Thursday, November 9, 2017

AGGREGATING RESOURCES: THE CHALLENGE FOR AFRICA, UGANDA

On Wednesday Uganda Christian University launched a think tank, the African Policy Center, which will conduct research meant to inform public policy biased towards a Christian world view.

Dr James Magara presented on the think tank’s role in the Africa of the 21st century. The problems of Africa Magara said, come down to the fact that we have been doing a lot of doing, unaccompanied by much thinking.

Adopted from Second World War America, think tanks are often independent organisations which set themselves the task to research and disseminate knowledge often with the aim of influencing the powers of the day.

"This attempt speaks to the wider challenge of Africa and more specifically Uganda. We are poor, backward and even hopeless, because we have not aggregated our resources, be it our labour, our markets, our political activism, our finances or in this case our thinking...

We see it all around us.

Look at the classical factors of production.

Barley a quarter of all land in Uganda is titled. This is a disturbing statistic because without a recognisable property rights for the majority of Ugandan households it is difficult to unlock the full value of the land we live on. One way to unlock this land is to aggregate these holdings into bigger holdings either through acquisition or cooperation. It is economies of scale such as these that see the US with only three million farmers, down from 30 million after the Second World War, can be the world’s largest exporter of food.

The labour movement is thin on the ground in Uganda. While serving as a useful counter to capital, labour movements have had the unintended consequence of leading to greater efficiencies in the work place through innovation and automation.
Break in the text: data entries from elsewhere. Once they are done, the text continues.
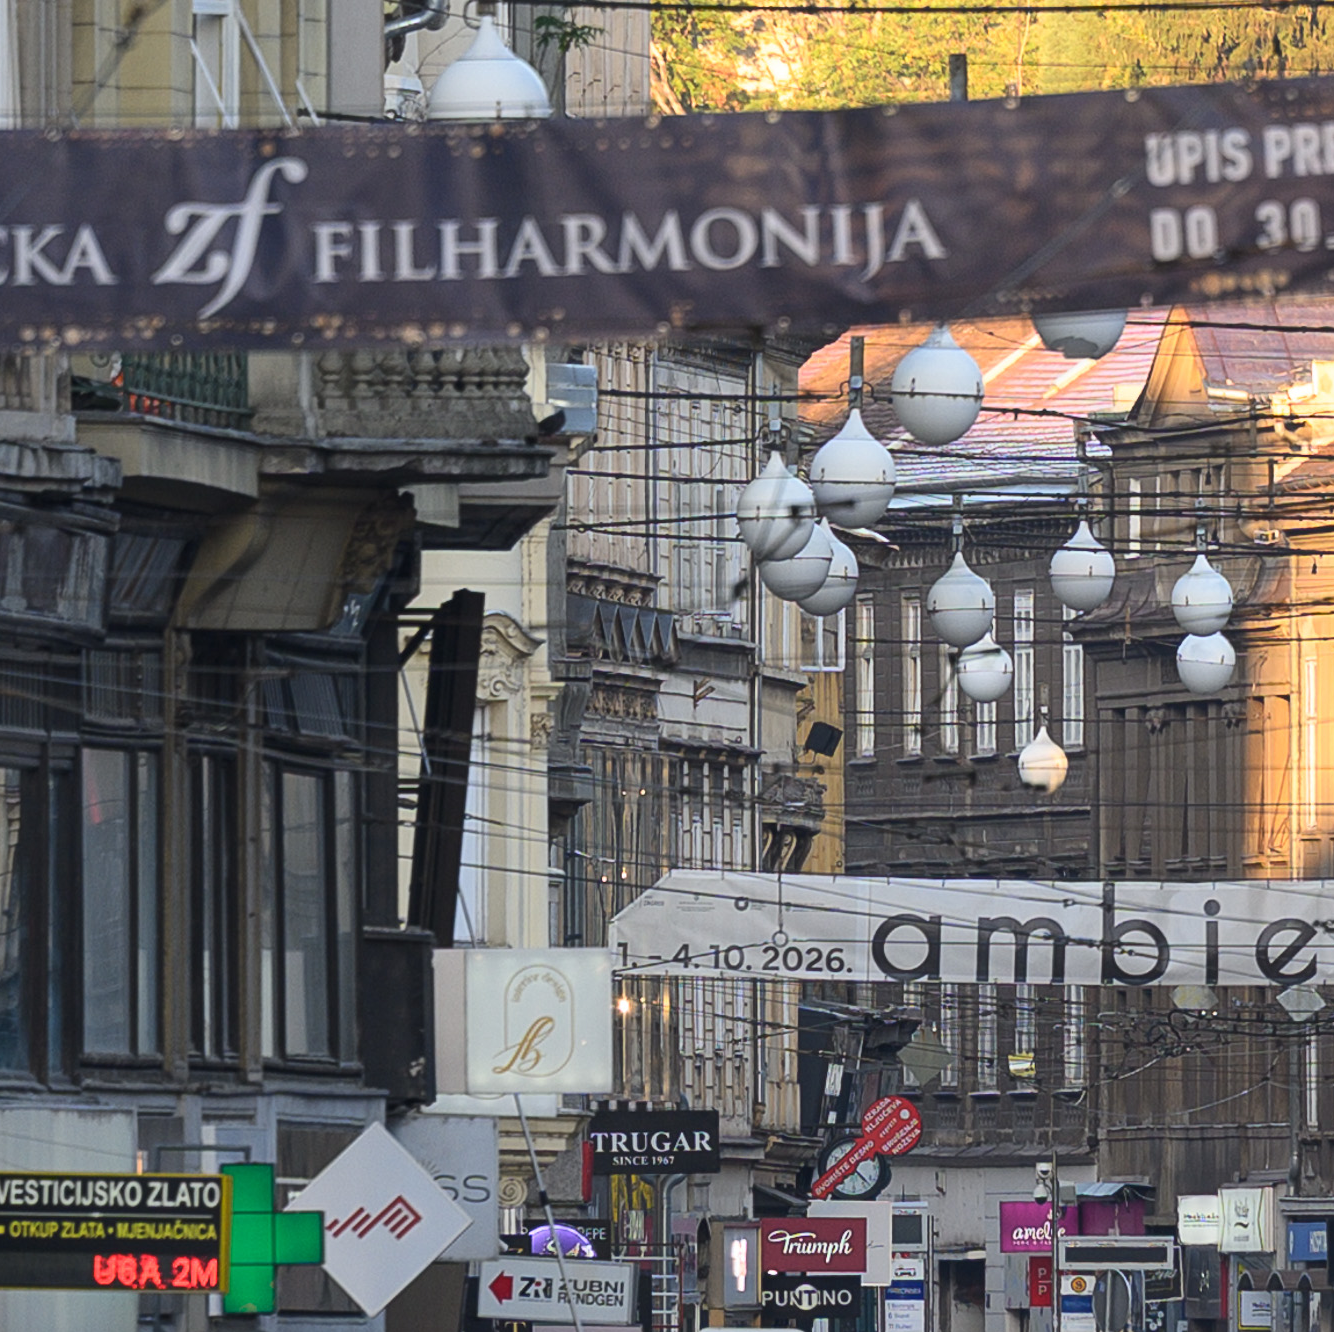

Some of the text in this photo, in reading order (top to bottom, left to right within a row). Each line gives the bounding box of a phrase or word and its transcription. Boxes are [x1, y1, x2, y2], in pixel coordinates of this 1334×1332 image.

[1145, 130, 1253, 188] UPIS
[313, 200, 947, 284] FILHARMONIJA
[1149, 206, 1219, 263] DO
[762, 946, 854, 974] 2026.
[591, 1131, 712, 1154] TRUGAR
[613, 1155, 675, 1166] SINCE 1967
[147, 1182, 220, 1209] ZLATO
[9, 1220, 218, 1241] OTKUP ZLATA MJENJAČNICA
[1013, 1221, 1066, 1240] amele
[768, 1229, 852, 1263] Triumph
[762, 1284, 852, 1310] PUNTINO
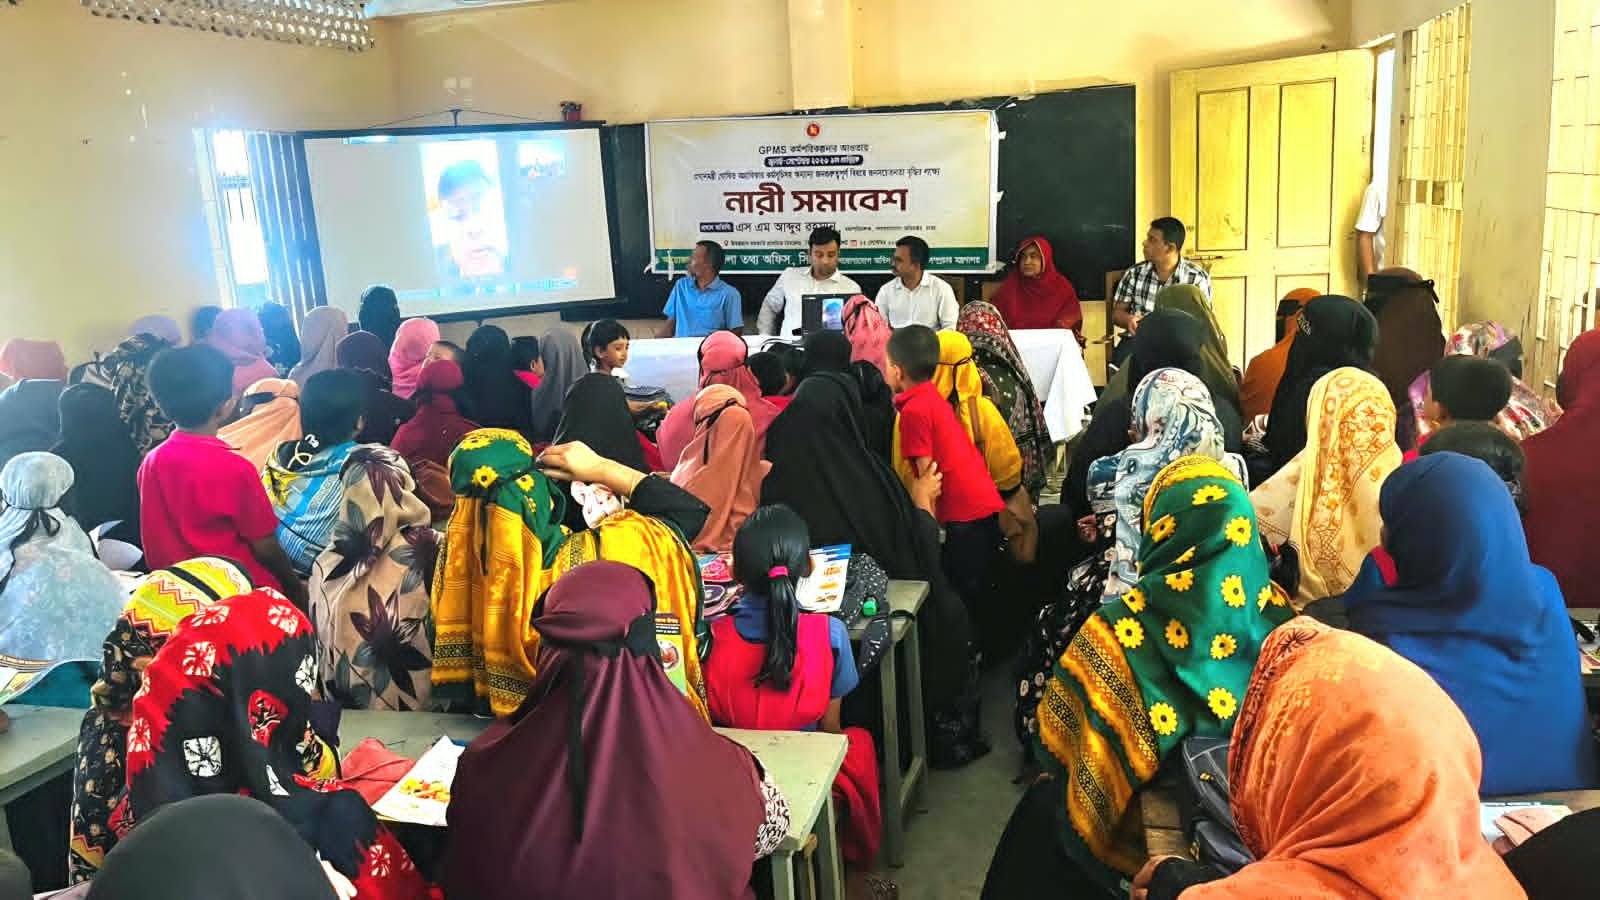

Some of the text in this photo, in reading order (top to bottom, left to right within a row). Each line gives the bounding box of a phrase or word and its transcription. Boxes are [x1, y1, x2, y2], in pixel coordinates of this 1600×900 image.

[759, 145, 787, 154] GPMS
[723, 182, 908, 216] নারী সমাবেশ
[735, 222, 752, 232] এস
[754, 222, 770, 232] এম
[724, 255, 736, 264] লা
[741, 254, 758, 264] তথ্য
And finally capital. Our lending rates are too high, we have too little capital to finance our own projects and our financial markets are shallow, restricted to a handful of products, leaving out the majority of consumers, because we have not brought together our monies in meaningful ways. We save less than 15 percent of our GDP in the formal banking system, while the east Asian countries at least double that figure. Aggregating capital in this way not only makes it easily accessible and cheaper but attracts even greater pools as well.

In the more developed western economies they have taken this a step further, with the creation of capital markerts, which supply patient money to their businessmen. All the capital markets on the continent do not have market capitalisation – the value of all the shares listed on an exchange, equivalent to that of the Brussels Stock Exchange (about $3.7trillion).

But they have gone a step further, and despite some recent hiccups, have been pushing aggressively to consolidate their politics. See the United States and the European Union. This allows them to not only consolidate their markets but to project their unified will allowing them to have more influence on world affairs disproportionate to the populations of their countries.

The disaggregation of our resources is by design and by accident.

 "And why have we failed to aggregate our resources? A lack of leadership or more specifically a dearth of leadership, which sees uplifting the wellbeing of their respective people as their raison d’etre...

Since independence through design or accident of history our leaders have not been the sharpest knives in eth draw. As a result they have found little use for knowledge or gone out to promote research and its resulting knowledge used to inform decision making.

In fact they have been willing consumers of other people’s thinking, the Bretton Woods institutions or Brussles or even Moscow, knowledge we cannot have been generated for altruistic purposes least of all for our benefit.


The African Policy Center has a noble mission, it will run itno a lot of roadblocks –opposition from established players or inertia from the intended recepients stuck in their old ways. But no one imagines the road ahead will be smooth.